Exercise description: Retype the records below exactly as they stand, omitting the pictures.

(Records to process begins)

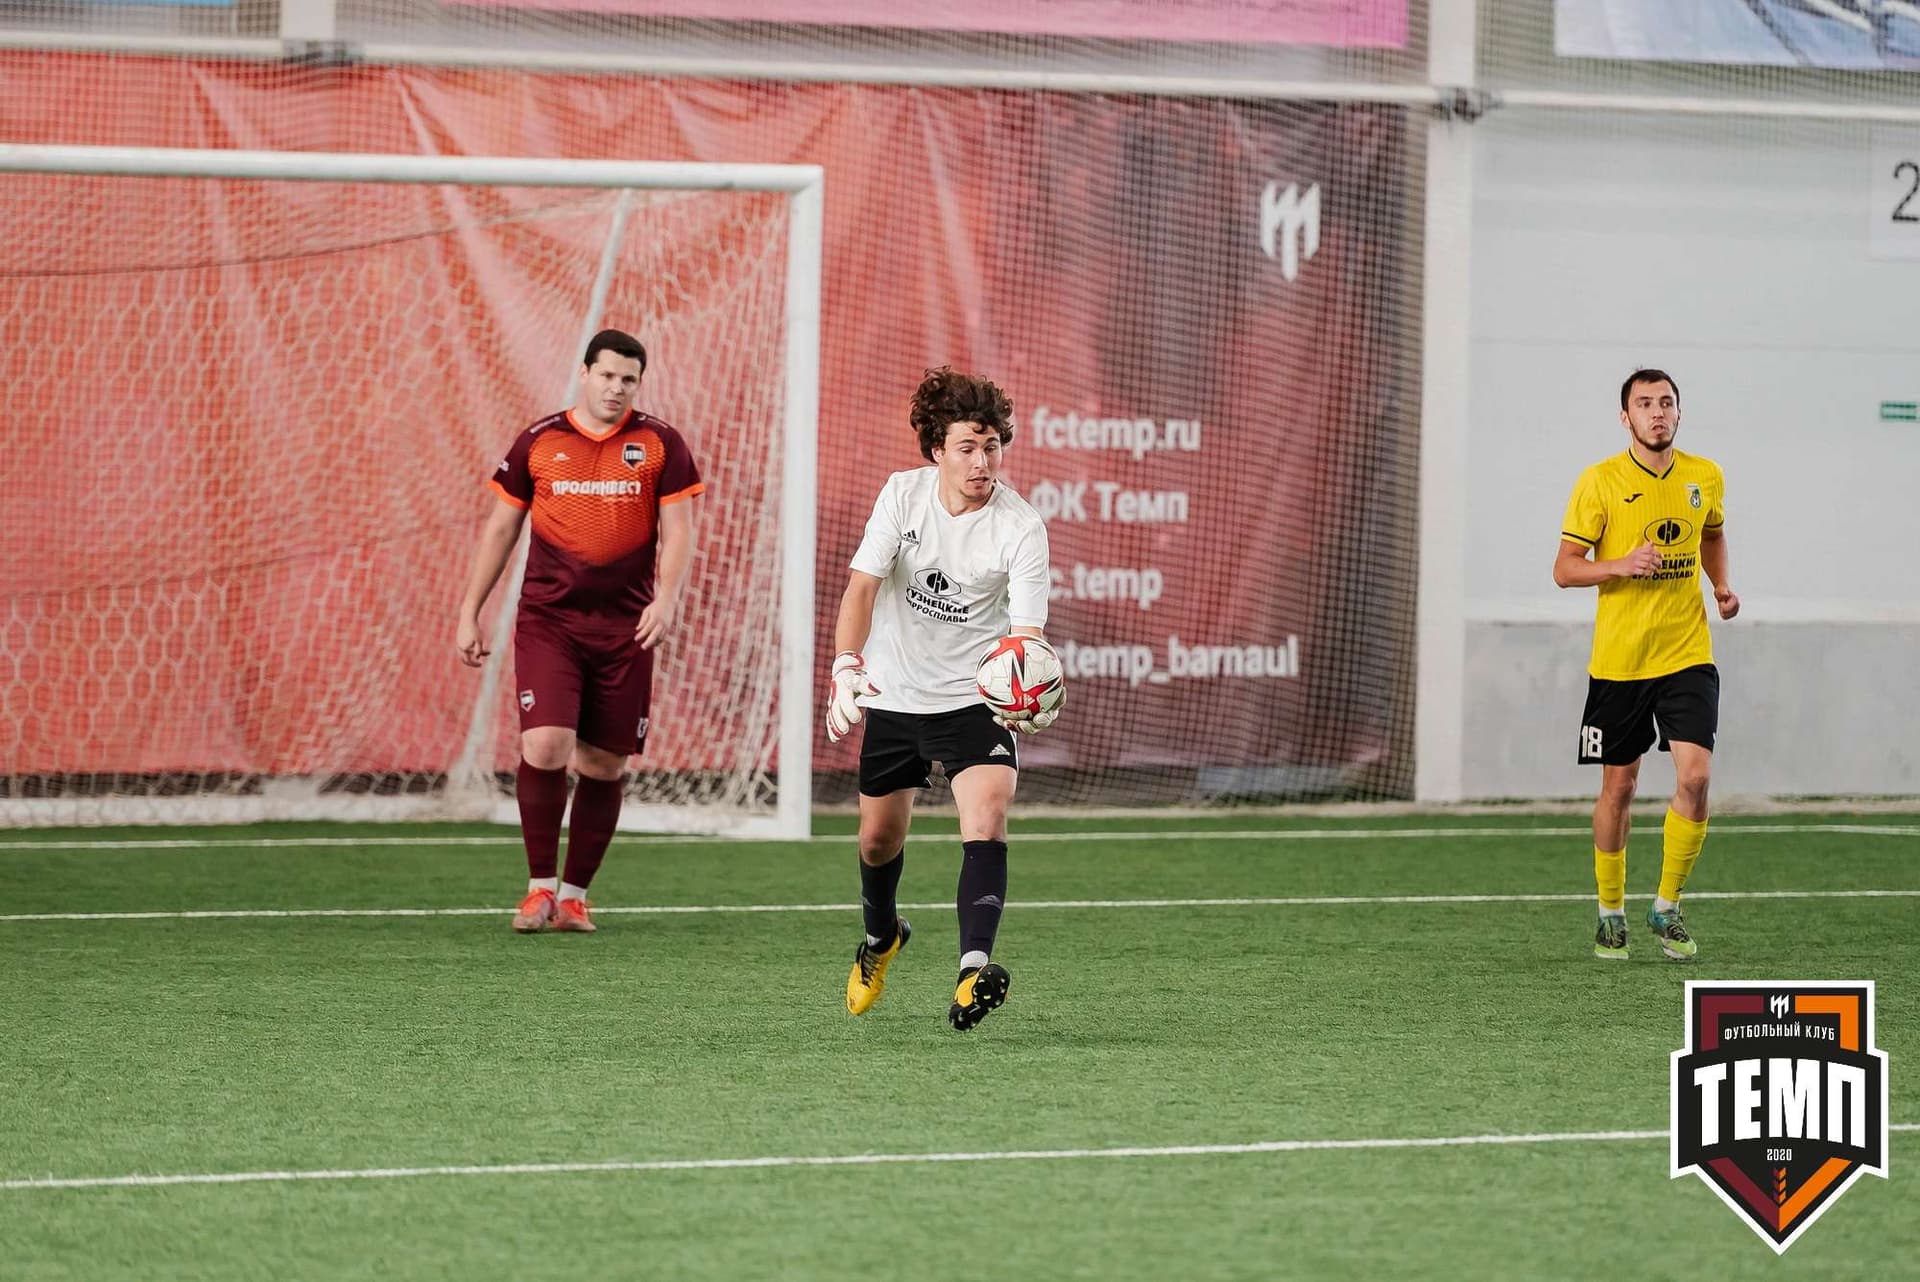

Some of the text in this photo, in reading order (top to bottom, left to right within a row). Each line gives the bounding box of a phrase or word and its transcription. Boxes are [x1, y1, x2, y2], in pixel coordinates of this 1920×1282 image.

[1031, 408, 1201, 461] fctemp.ru
[1030, 479, 1189, 522] ФК Темп
[1049, 561, 1164, 610] c.temp
[906, 596, 968, 623] РРОСПЛАВЫ
[1055, 634, 1299, 688] temp_barnaul
[1581, 725, 1603, 758] 18

(Records to process ends)

Finished task:
Some of the text in this photo, in reading order (top to bottom, left to right within a row). Each line gives the bounding box of a phrase or word and its transcription. Boxes are [x1, y1, x2, y2], in pixel coordinates of this 1920×1282 image.

[1031, 408, 1201, 461] fctemp.ru
[1030, 479, 1189, 522] ФК Темп
[1049, 561, 1164, 610] c.temp
[906, 596, 968, 623] РРОСПЛАВЫ
[1055, 634, 1299, 688] temp_barnaul
[1581, 725, 1603, 758] 18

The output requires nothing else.